**About this task:**
Every entry below should be reproduced exactly, with all pictures left out.
>>>>>
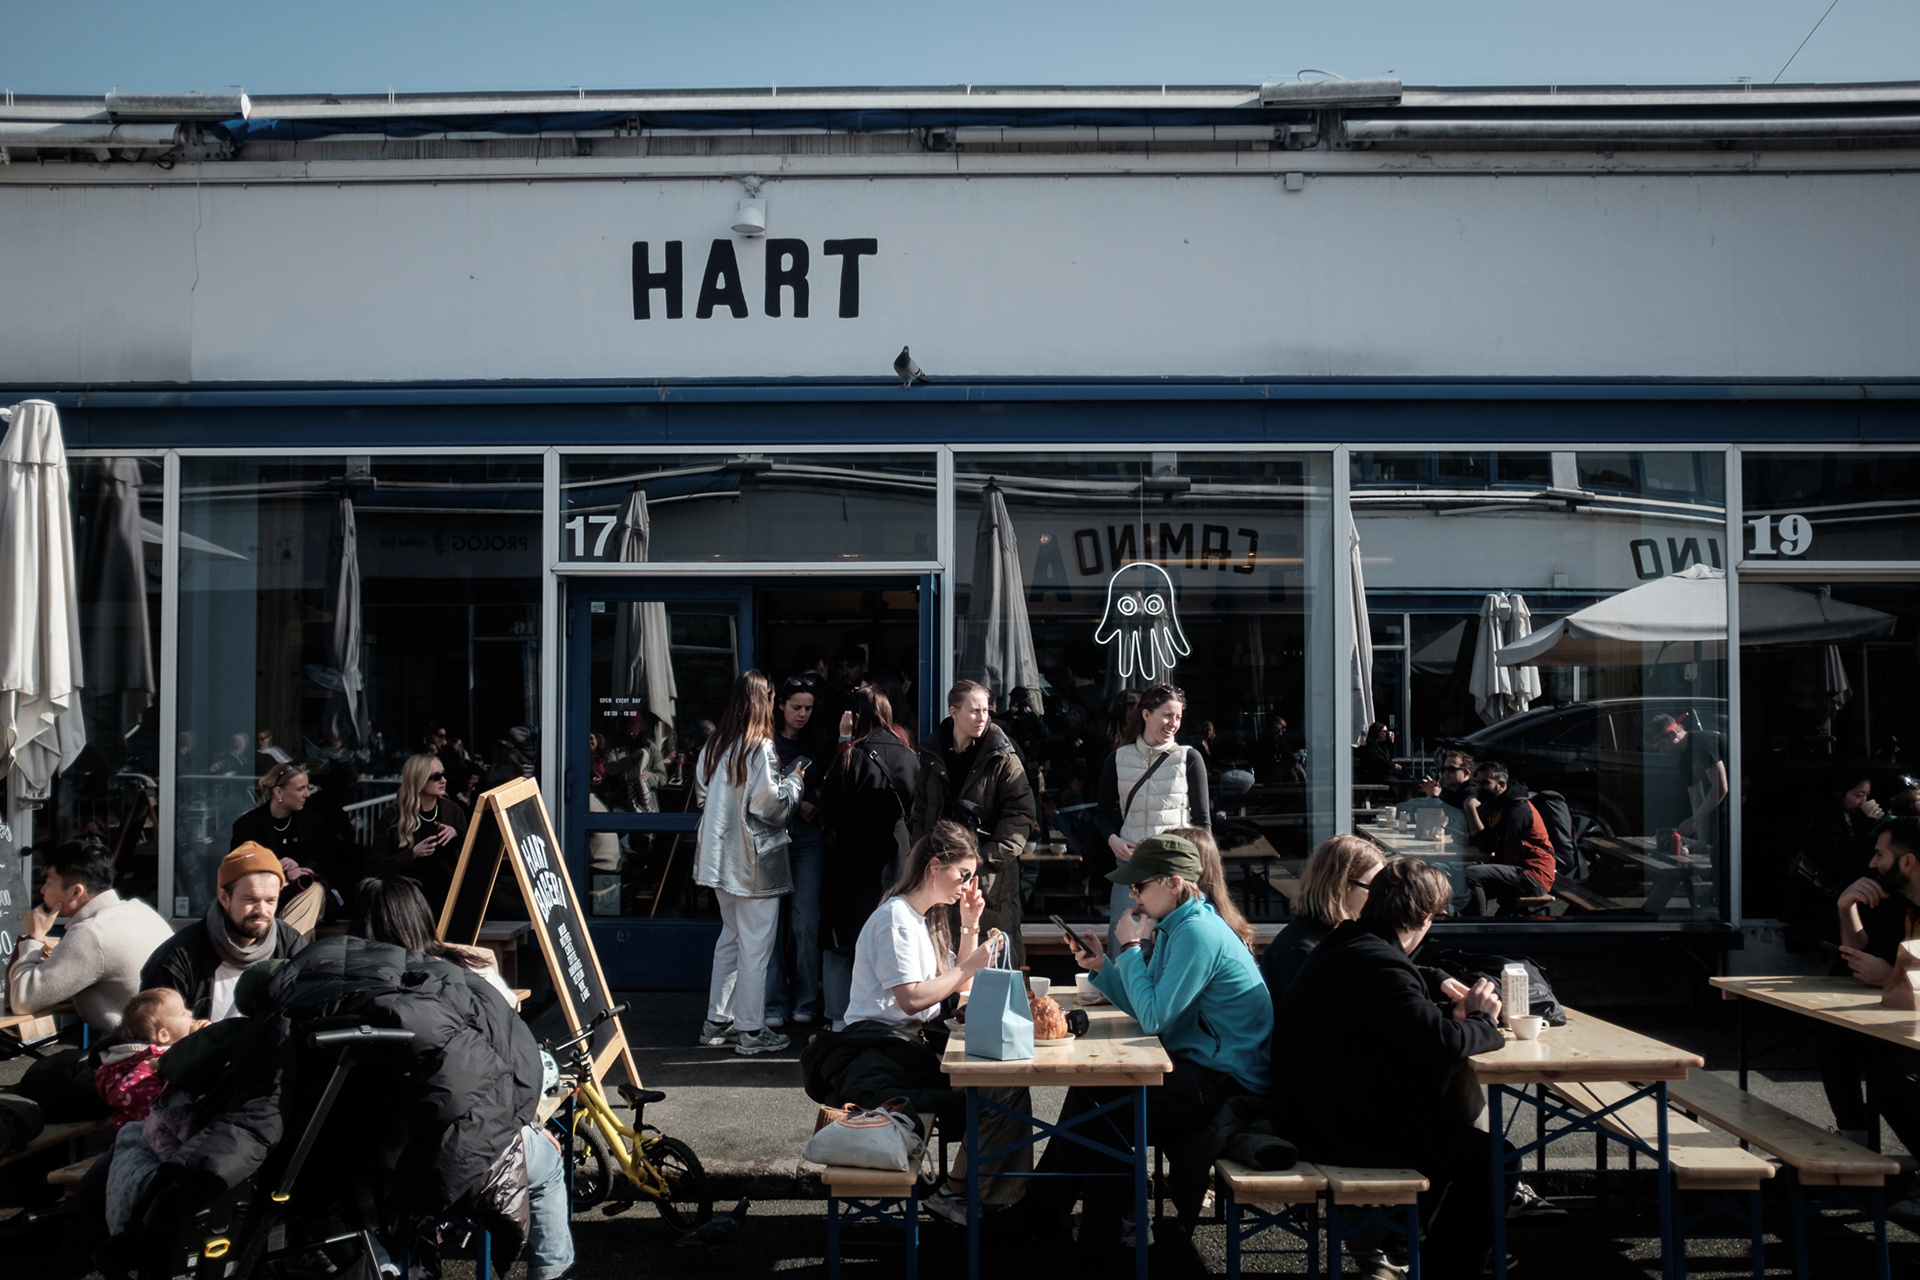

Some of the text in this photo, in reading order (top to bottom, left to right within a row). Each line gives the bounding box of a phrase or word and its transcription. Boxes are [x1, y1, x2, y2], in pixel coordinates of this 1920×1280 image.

[632, 238, 878, 320] HART
[565, 516, 617, 557] 17
[1748, 514, 1813, 556] 19
[521, 834, 549, 879] HART
[534, 871, 567, 923] BAGERI
<<<<<
**Task response:**
Some of the text in this photo, in reading order (top to bottom, left to right within a row). Each line gives the bounding box of a phrase or word and its transcription. Boxes are [x1, y1, x2, y2], in pixel coordinates of this 1920×1280 image.

[632, 238, 878, 320] HART
[565, 516, 617, 557] 17
[1748, 514, 1813, 556] 19
[521, 834, 549, 879] HART
[534, 871, 567, 923] BAGERI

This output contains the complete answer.